The article “Visualizing the Impacts of Movement Infrastructures on Social Inclusion: Graph-Based Methods for Observing Community Formations in Contrasting Geographic Contexts” explores innovative methods for observing the impacts of roads, junctions and pathways on social inclusion. It is an open access paper, published by researchers of the University College London (UCL).  

Abstract

In this article we describe some innovative methods for observing the possible impacts of roads, junctions and pathways (movement infrastructures), on community life in terms of their affordances and hindrances for social connectivity. In seeking to observe these impacts, we combined a range of visualization research methods, based on qualitative points-data mapping, graphic representation and urban morphological analysis at local and global geographic scales.

Our overall aim in this study was to develop exploratory methods for combining and visualizing various kinds of data that relate to urban community formations in contrasting urban contexts.

We focused our enquiry on the perspectives of adolescents in two urban contexts: Liverpool, UK, and Medellín, Colombia. While they contrast in their geo-political and cultural characteristics, these two cities each present polarized socio-economic inequalities across distinctive spatial patterns.

Figure 1. Urban Integration cores for the Liverpool, UK, conurbation. Left: local scale based on 400m; Right: global scale based on 5000m. Source: current paper.

We found that adolescents in these cities offer generally localized, pedestrian perspectives of their local areas, and unique insights into the opportunities and challenges for place-making in their local community spaces. We gathered the communities’ local perspectives through map-making workshops, in which participants used given iconographic symbols to select and weight the social and structural assets that they deemed to be significant features of their community spaces. We then sampled and visualized these selective points data to observe ways in which local community assets relate to infrastructural affordances for movement (in terms of network integration).

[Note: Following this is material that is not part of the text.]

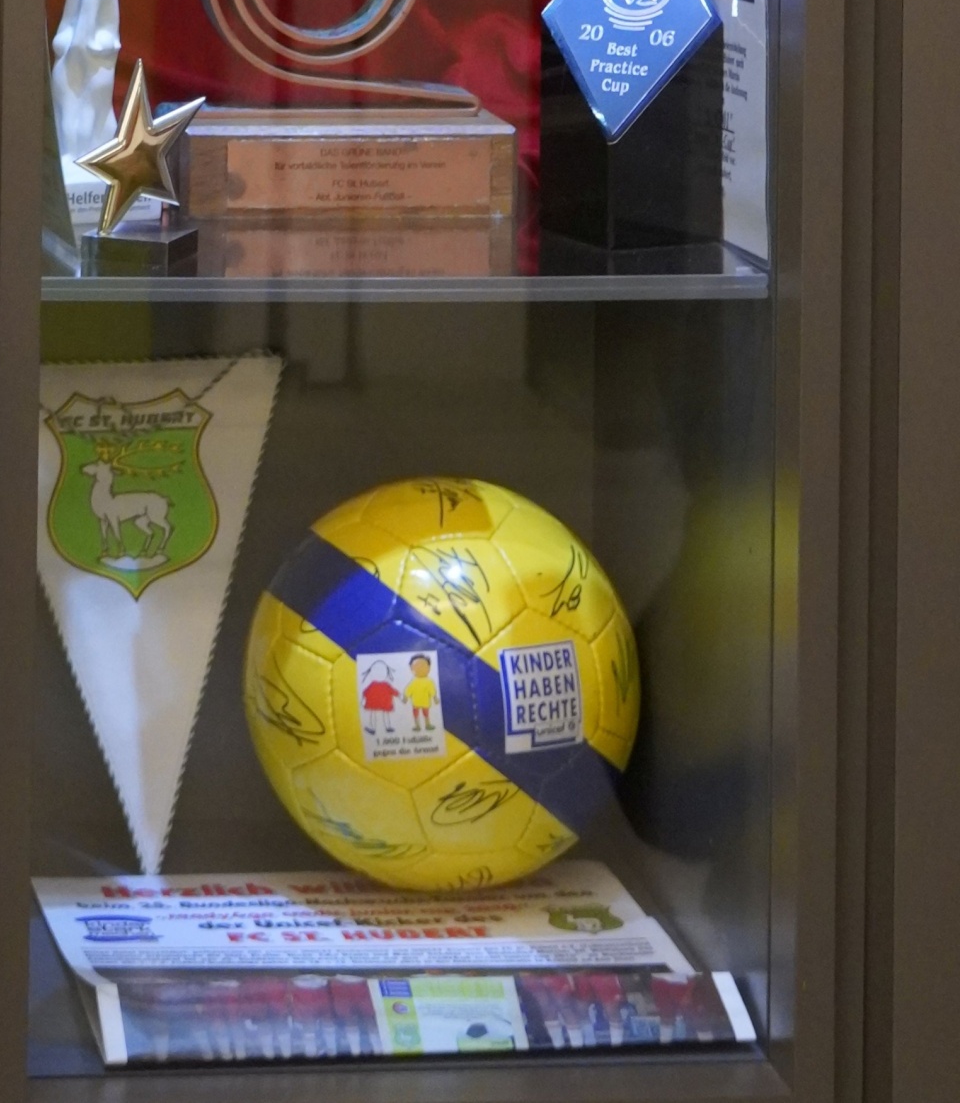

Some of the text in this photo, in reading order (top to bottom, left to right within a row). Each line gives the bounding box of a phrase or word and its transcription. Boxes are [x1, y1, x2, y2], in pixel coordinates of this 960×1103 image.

This analysis was based on the theory and method of Space Syntax, which provides a model of affordances for movement across the urban network over various scales of network configuration. In particular, we sought to determine how city-scale movement infrastructures interact with local-scale infrastructures, and to develop methods for observing ways in which these interactions have positive or negative consequences for community formations.

Figure 2. Array of community samples showing extract Depthmap segments overlaid on IMD by LSOA (Liverpool case study). Blue points represent negative weights such as ‘˜sad’ , ‘˜shocked’ , etc. Orange represents positive weights such as ‘˜love’ , ‘˜happy’ etc. Source: current paper.

About Space Syntax

Space syntax  is a science-based, human-focused approach that investigates relationships between spatial layout and a range of social, economic and environmental phenomena. These phenomena include patterns of  movement, awareness and interaction; density, land use and land value; urban growth and societal differentiation; safety and crime distribution.

Space  syntax was pioneered in the 1970s by Prof Bill Hillier, Prof Julienne Hanson and colleagues at The Bartlett, University College London. Today, space syntax is used and developed in hundreds of universities and educational institutions as well as professional practices worldwide. Built on quantitative analysis and geospatial computer technology, space syntax provides a set of theories and methods for the analysis of spatial configurations of all kinds and at all scales.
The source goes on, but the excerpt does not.